REQUIREMENT: Retype the data exactly, so that every line matches the original.

--

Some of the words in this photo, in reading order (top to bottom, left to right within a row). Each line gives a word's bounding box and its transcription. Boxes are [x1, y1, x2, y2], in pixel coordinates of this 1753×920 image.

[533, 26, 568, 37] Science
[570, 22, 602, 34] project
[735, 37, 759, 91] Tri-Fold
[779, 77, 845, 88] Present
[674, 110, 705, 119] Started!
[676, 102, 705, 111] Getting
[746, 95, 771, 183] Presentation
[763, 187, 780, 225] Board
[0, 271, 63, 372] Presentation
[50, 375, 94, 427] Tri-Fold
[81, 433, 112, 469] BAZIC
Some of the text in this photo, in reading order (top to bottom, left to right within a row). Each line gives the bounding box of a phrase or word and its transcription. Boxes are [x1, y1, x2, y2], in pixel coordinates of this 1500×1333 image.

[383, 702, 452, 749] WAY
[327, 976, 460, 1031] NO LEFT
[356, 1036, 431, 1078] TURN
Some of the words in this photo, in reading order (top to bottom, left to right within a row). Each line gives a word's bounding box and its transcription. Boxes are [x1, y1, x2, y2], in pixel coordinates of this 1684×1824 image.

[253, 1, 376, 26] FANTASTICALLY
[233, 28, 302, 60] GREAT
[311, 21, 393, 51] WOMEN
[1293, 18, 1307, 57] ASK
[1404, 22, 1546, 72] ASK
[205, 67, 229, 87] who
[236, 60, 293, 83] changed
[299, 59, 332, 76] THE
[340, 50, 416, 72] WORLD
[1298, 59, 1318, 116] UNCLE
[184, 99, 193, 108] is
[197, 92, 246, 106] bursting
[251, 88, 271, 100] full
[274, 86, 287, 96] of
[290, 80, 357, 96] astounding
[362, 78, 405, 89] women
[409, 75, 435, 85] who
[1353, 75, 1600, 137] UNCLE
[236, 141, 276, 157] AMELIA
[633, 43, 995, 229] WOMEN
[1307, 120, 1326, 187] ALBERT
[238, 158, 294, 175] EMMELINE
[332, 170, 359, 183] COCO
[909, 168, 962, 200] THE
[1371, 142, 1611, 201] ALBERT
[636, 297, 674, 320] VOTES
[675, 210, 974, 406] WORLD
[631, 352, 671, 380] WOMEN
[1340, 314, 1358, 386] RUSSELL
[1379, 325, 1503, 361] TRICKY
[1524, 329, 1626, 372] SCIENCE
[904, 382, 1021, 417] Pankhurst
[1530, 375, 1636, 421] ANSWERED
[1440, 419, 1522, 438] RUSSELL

--

ANSWER BOX:
Some of the words in this photo, in reading order (top to bottom, left to right within a row). Each line gives a word's bounding box and its transcription. Boxes are [x1, y1, x2, y2], in pixel coordinates of this 1753×920 image.

[533, 26, 568, 37] Science
[570, 22, 602, 34] project
[735, 37, 759, 91] Tri-Fold
[779, 77, 845, 88] Present
[674, 110, 705, 119] Started!
[676, 102, 705, 111] Getting
[746, 95, 771, 183] Presentation
[763, 187, 780, 225] Board
[0, 271, 63, 372] Presentation
[50, 375, 94, 427] Tri-Fold
[81, 433, 112, 469] BAZIC
Some of the text in this photo, in reading order (top to bottom, left to right within a row). Each line gives the bounding box of a phrase or word and its transcription. Boxes are [x1, y1, x2, y2], in pixel coordinates of this 1500×1333 image.

[383, 702, 452, 749] WAY
[327, 976, 460, 1031] NO LEFT
[356, 1036, 431, 1078] TURN
Some of the words in this photo, in reading order (top to bottom, left to right within a row). Each line gives a word's bounding box and its transcription. Boxes are [x1, y1, x2, y2], in pixel coordinates of this 1684×1824 image.

[253, 1, 376, 26] FANTASTICALLY
[233, 28, 302, 60] GREAT
[311, 21, 393, 51] WOMEN
[1293, 18, 1307, 57] ASK
[1404, 22, 1546, 72] ASK
[205, 67, 229, 87] who
[236, 60, 293, 83] changed
[299, 59, 332, 76] THE
[340, 50, 416, 72] WORLD
[1298, 59, 1318, 116] UNCLE
[184, 99, 193, 108] is
[197, 92, 246, 106] bursting
[251, 88, 271, 100] full
[274, 86, 287, 96] of
[290, 80, 357, 96] astounding
[362, 78, 405, 89] women
[409, 75, 435, 85] who
[1353, 75, 1600, 137] UNCLE
[236, 141, 276, 157] AMELIA
[633, 43, 995, 229] WOMEN
[1307, 120, 1326, 187] ALBERT
[238, 158, 294, 175] EMMELINE
[332, 170, 359, 183] COCO
[909, 168, 962, 200] THE
[1371, 142, 1611, 201] ALBERT
[636, 297, 674, 320] VOTES
[675, 210, 974, 406] WORLD
[631, 352, 671, 380] WOMEN
[1340, 314, 1358, 386] RUSSELL
[1379, 325, 1503, 361] TRICKY
[1524, 329, 1626, 372] SCIENCE
[904, 382, 1021, 417] Pankhurst
[1530, 375, 1636, 421] ANSWERED
[1440, 419, 1522, 438] RUSSELL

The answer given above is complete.